TASK TO CARRY OUT -
An identical copy of all the entries is the required result.

DATASET EXTRACT -
----------------
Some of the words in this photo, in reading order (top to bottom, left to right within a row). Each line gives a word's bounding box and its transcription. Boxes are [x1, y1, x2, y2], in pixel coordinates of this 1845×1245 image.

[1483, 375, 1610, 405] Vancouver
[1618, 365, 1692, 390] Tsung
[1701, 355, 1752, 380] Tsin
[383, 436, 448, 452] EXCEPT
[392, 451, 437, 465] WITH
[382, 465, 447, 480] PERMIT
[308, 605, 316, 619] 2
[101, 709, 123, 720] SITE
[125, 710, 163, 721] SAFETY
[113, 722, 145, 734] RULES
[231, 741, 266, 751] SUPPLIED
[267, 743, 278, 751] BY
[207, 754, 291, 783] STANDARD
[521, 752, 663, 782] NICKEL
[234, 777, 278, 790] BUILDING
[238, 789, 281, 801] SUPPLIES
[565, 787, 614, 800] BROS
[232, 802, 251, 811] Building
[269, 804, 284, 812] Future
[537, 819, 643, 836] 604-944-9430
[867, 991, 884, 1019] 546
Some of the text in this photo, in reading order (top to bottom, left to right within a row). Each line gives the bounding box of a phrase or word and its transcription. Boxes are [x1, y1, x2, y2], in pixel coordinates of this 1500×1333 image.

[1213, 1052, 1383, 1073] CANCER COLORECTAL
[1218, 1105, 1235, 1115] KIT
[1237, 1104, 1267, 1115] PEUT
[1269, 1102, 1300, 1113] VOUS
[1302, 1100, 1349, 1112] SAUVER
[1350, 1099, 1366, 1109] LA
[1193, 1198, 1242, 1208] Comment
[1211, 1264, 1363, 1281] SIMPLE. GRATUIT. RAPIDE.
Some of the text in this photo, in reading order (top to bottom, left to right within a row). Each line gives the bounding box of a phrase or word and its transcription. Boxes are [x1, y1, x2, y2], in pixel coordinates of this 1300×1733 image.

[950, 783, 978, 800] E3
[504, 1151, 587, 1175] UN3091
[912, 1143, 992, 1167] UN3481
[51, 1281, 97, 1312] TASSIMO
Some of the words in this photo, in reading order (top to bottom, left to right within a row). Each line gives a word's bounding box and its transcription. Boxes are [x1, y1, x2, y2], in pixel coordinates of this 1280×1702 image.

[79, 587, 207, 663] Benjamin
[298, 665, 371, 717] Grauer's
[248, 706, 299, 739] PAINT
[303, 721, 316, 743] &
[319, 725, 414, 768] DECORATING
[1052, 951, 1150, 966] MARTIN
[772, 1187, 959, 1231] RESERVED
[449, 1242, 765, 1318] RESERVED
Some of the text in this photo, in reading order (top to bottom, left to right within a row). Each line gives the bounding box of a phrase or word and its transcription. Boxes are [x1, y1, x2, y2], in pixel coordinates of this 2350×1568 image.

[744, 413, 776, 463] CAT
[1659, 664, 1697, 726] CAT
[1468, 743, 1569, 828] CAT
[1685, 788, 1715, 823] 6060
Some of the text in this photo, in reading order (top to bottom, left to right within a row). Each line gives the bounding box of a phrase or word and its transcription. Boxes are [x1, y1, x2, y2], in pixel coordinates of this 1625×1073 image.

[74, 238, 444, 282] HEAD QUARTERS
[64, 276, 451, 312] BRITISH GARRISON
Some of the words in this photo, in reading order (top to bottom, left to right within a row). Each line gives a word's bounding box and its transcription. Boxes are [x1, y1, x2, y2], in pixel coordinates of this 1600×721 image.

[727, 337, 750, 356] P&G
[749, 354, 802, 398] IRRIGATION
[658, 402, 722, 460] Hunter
----------------
RESPONSE TO THE TASK -
Some of the words in this photo, in reading order (top to bottom, left to right within a row). Each line gives a word's bounding box and its transcription. Boxes are [x1, y1, x2, y2], in pixel coordinates of this 1845×1245 image.

[1483, 375, 1610, 405] Vancouver
[1618, 365, 1692, 390] Tsung
[1701, 355, 1752, 380] Tsin
[383, 436, 448, 452] EXCEPT
[392, 451, 437, 465] WITH
[382, 465, 447, 480] PERMIT
[308, 605, 316, 619] 2
[101, 709, 123, 720] SITE
[125, 710, 163, 721] SAFETY
[113, 722, 145, 734] RULES
[231, 741, 266, 751] SUPPLIED
[267, 743, 278, 751] BY
[207, 754, 291, 783] STANDARD
[521, 752, 663, 782] NICKEL
[234, 777, 278, 790] BUILDING
[238, 789, 281, 801] SUPPLIES
[565, 787, 614, 800] BROS
[232, 802, 251, 811] Building
[269, 804, 284, 812] Future
[537, 819, 643, 836] 604-944-9430
[867, 991, 884, 1019] 546
Some of the text in this photo, in reading order (top to bottom, left to right within a row). Each line gives the bounding box of a phrase or word and its transcription. Boxes are [x1, y1, x2, y2], in pixel coordinates of this 1500×1333 image.

[1213, 1052, 1383, 1073] CANCER COLORECTAL
[1218, 1105, 1235, 1115] KIT
[1237, 1104, 1267, 1115] PEUT
[1269, 1102, 1300, 1113] VOUS
[1302, 1100, 1349, 1112] SAUVER
[1350, 1099, 1366, 1109] LA
[1193, 1198, 1242, 1208] Comment
[1211, 1264, 1363, 1281] SIMPLE. GRATUIT. RAPIDE.
Some of the text in this photo, in reading order (top to bottom, left to right within a row). Each line gives the bounding box of a phrase or word and its transcription. Boxes are [x1, y1, x2, y2], in pixel coordinates of this 1300×1733 image.

[950, 783, 978, 800] E3
[504, 1151, 587, 1175] UN3091
[912, 1143, 992, 1167] UN3481
[51, 1281, 97, 1312] TASSIMO
Some of the words in this photo, in reading order (top to bottom, left to right within a row). Each line gives a word's bounding box and its transcription. Boxes are [x1, y1, x2, y2], in pixel coordinates of this 1280×1702 image.

[79, 587, 207, 663] Benjamin
[298, 665, 371, 717] Grauer's
[248, 706, 299, 739] PAINT
[303, 721, 316, 743] &
[319, 725, 414, 768] DECORATING
[1052, 951, 1150, 966] MARTIN
[772, 1187, 959, 1231] RESERVED
[449, 1242, 765, 1318] RESERVED
Some of the text in this photo, in reading order (top to bottom, left to right within a row). Each line gives the bounding box of a phrase or word and its transcription. Boxes are [x1, y1, x2, y2], in pixel coordinates of this 2350×1568 image.

[744, 413, 776, 463] CAT
[1659, 664, 1697, 726] CAT
[1468, 743, 1569, 828] CAT
[1685, 788, 1715, 823] 6060
Some of the text in this photo, in reading order (top to bottom, left to right within a row). Each line gives the bounding box of a phrase or word and its transcription. Boxes are [x1, y1, x2, y2], in pixel coordinates of this 1625×1073 image.

[74, 238, 444, 282] HEAD QUARTERS
[64, 276, 451, 312] BRITISH GARRISON
Some of the words in this photo, in reading order (top to bottom, left to right within a row). Each line gives a word's bounding box and its transcription. Boxes are [x1, y1, x2, y2], in pixel coordinates of this 1600×721 image.

[727, 337, 750, 356] P&G
[749, 354, 802, 398] IRRIGATION
[658, 402, 722, 460] Hunter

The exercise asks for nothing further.